George e sua namorada, a operária Alice (Shelley Winters), um obstáculo aos seus planos. 

Para ficar com Angela, George não vê outra alternativa, a não ser livrar-se de Alice. 


Angela, George e Alice. Um triangulo fatal.

Com Um Lugar o Sol, Stevens iniciou uma trilogia que aborda os contrastes da sociedade americana, seus costumes e contradições, trilogia esta que viria a seguir com Os Brutos Também Amam (Shane, 1953) e Assim Caminha a Humanidade (Giant, 1956). Uma obra cinematográfica que soube se impor com o avanço do tempo.

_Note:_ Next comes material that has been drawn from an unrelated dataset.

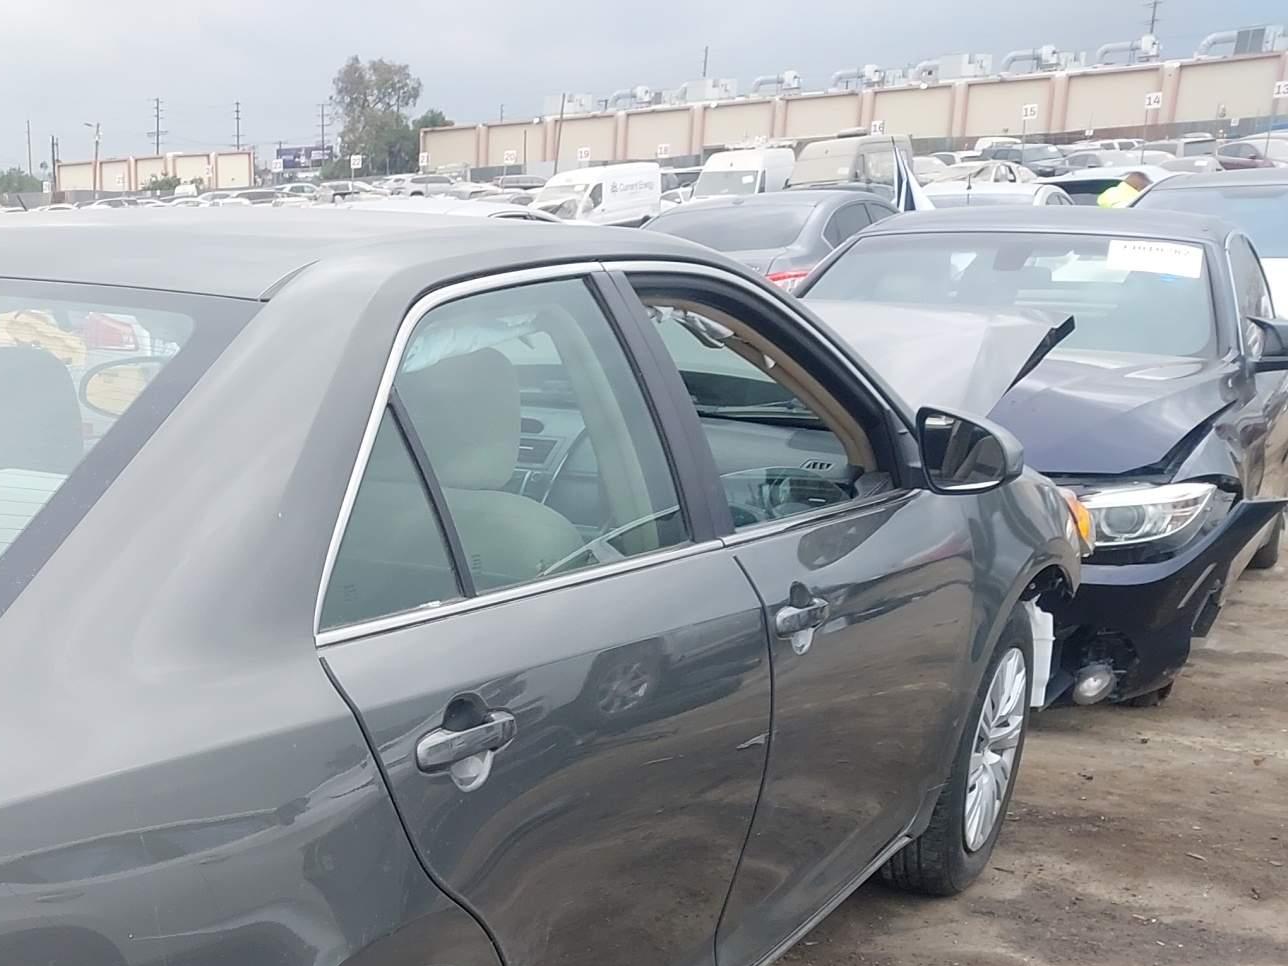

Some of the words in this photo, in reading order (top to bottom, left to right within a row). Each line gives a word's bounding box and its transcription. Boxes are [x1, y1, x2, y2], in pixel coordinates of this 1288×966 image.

Nada mais resta para George ao ser julgado pela morte de Alice. Culpado ou inocente? Ele é apontado por um implacável promotor (Raymond Burr).

Divulgação do filme pelos jornais de São Paulo em 1952.

* O Código Hays foi um conjunto de normas morais aplicadas aos filmes lançados nos Estados Unidos entre 1930 e 1968 pelos grandes estúdios cinematográficos. Seu nome deriva de William H. Hays (1879-1954), advogado e político presbiteriano e presidente da Associação de Produtores e Distribuidores de Filmes da América de 1922 a 1945. Entretanto, já na primeira metade dos anos de 1950, o código já vinha perdendo força. Alguns cineastas e produtores estavam aptos a rompê-lo. A partir de 1968, o código deixou de existir, dando lugar ao sistema de classificação indicativa, que perpetua até hoje.


FICHA TÉCNICA

Um Lugar Ao Sol

(A Place In The Sun)

Ano de Produção: 1951

País: Estados Unidos.

Gênero: Drama.

Direção: George Stevens

Produção: George Stevens e Ivan Moffat (associado) para a Paramount Pictures, e também distribuição.

Roteiro: Michael Wilson

Fotografia: William C. Mellor. Em Preto & Branco.

Montagem: William Hornbeck.

Música: Franz Waxman.

Figurinos: Edith Head.

Metragem: 122 minutos.

ELENCO

Montgomery Clift – George Eastman

Elizabeth Taylor – Angela Vickers

Shelley Winters – Alice Tripp

Anne Revere – Hannah Eastman

Keefe Brasselle – Earl Eastman

Fred Clark – Bellows

Raymond Burr – Promotor R. Frank Marlowe

Herbert Heyes – Charles Eastman

Shepperd Strudwick – Anthony Vickers

Frieda Inescort – Senhora Ann Vickers

Kathryn Givney – Louise Eastman

Walter Sande – Art  Jansen, o advogado de George

Ted de Corsia – Juiz R.S. Oldendorff

John Ridgely – Coronel

Paul Frees – Reverendo Morrison.

Uma matéria escrita por Paulo Telles para o site  Cinema Com Poesia.